> [INSTRUCTIONS TO FOLLOW]: Transcribe word for word each line from the one containing "this 1288×966 image." to the final line of the data, both included. Skip the pictures.

> [EXTRACTED DATA]:
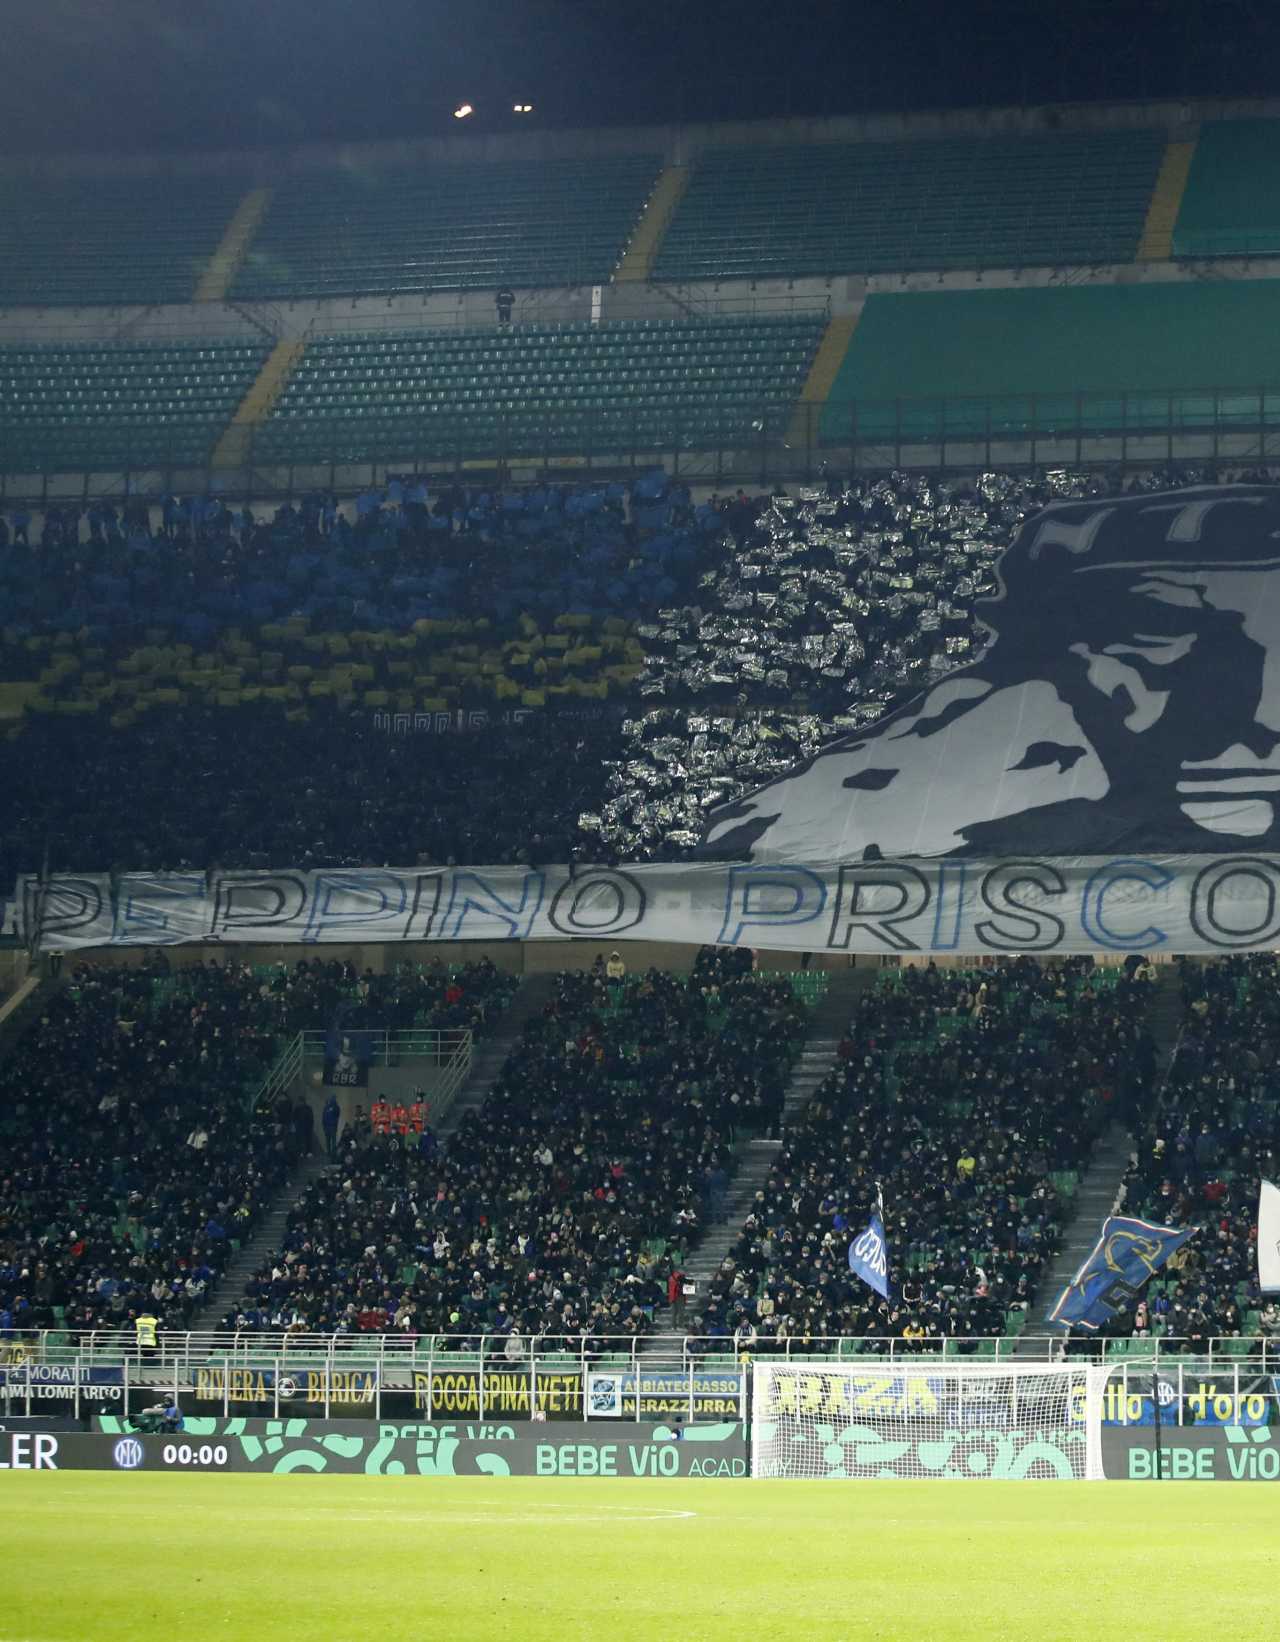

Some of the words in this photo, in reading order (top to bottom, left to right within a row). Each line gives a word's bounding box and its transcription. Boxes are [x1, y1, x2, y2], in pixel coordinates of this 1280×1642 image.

[20, 867, 647, 943] PEPPINO
[30, 1366, 90, 1381] MORATTI
[196, 1368, 267, 1402] RIVIERA
[623, 1398, 737, 1413] NERAZZURRA
[1072, 1384, 1142, 1421] Gllo
[163, 1444, 228, 1465] 00:00
[536, 1445, 617, 1476] BEBE
[1128, 1447, 1215, 1480] BEBE
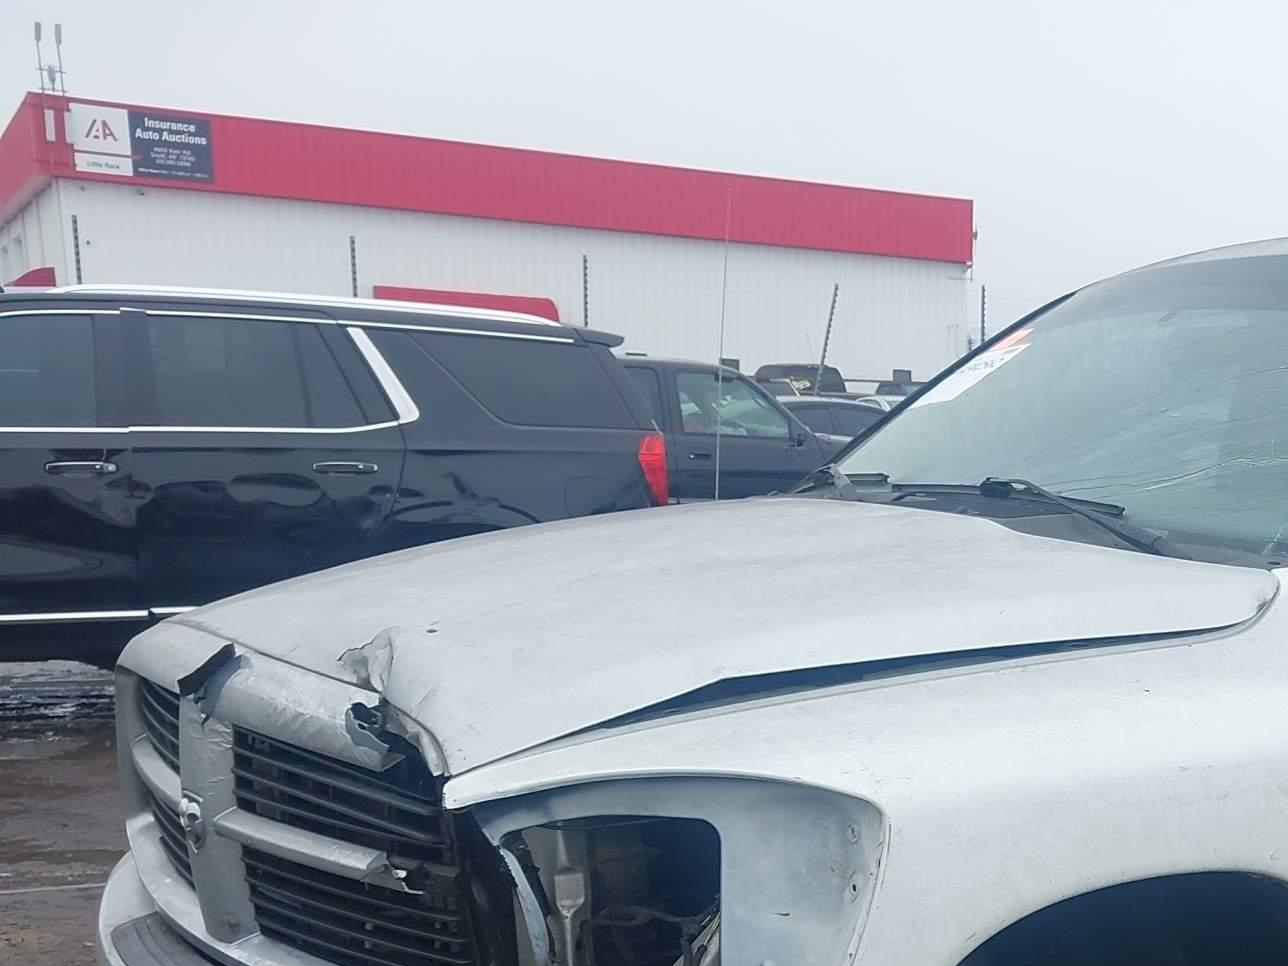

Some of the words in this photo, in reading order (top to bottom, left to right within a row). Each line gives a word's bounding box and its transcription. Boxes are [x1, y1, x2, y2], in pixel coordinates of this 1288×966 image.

[144, 117, 196, 133] Insurance
[135, 128, 160, 140] Auto
[161, 131, 207, 145] Auctions
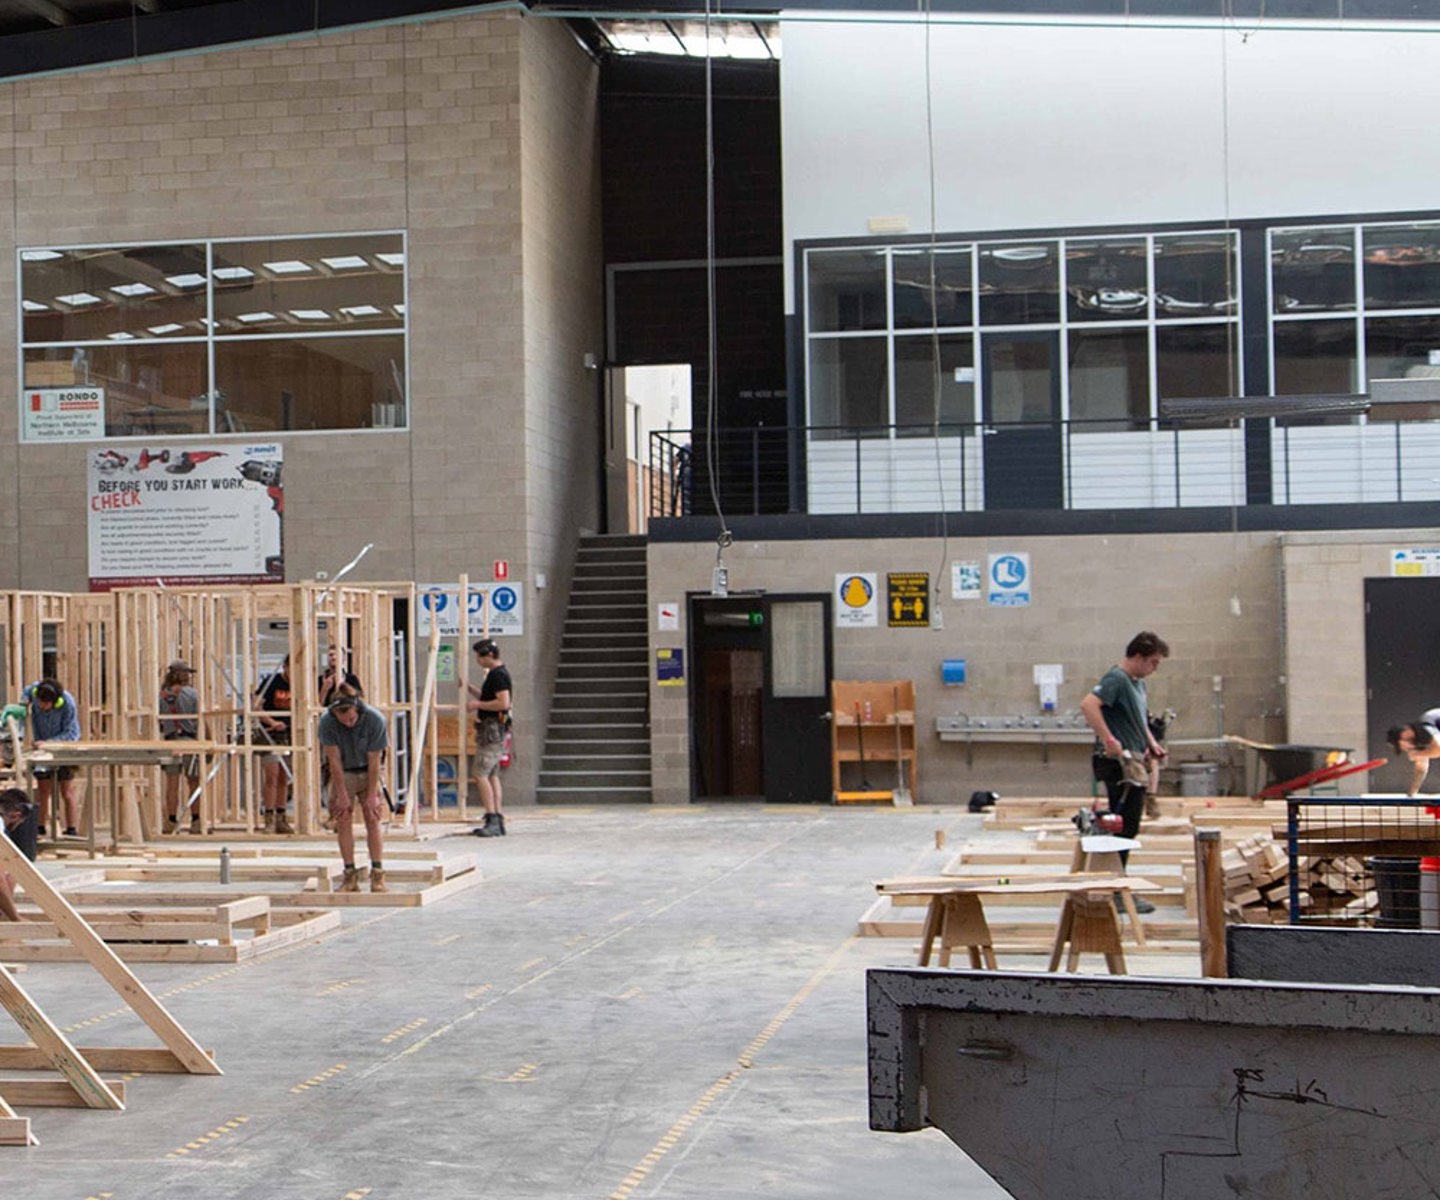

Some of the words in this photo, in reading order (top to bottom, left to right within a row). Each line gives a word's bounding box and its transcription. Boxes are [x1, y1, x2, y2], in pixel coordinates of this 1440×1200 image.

> [RESPONSE AREA]:
Some of the words in this photo, in reading order (top to bottom, left to right within a row). Each line gives a word's bounding box and its transcription. Boxes are [x1, y1, x2, y2], in pixel coordinates of this 1288×966 image.

[144, 117, 196, 133] Insurance
[135, 128, 160, 140] Auto
[161, 131, 207, 145] Auctions

Some of the words in this photo, in reading order (top to bottom, left to right within a row). Each line gives a word's bounding box and its transcription. Boxes are [x1, y1, x2, y2], in pixel coordinates of this 1440×1200 image.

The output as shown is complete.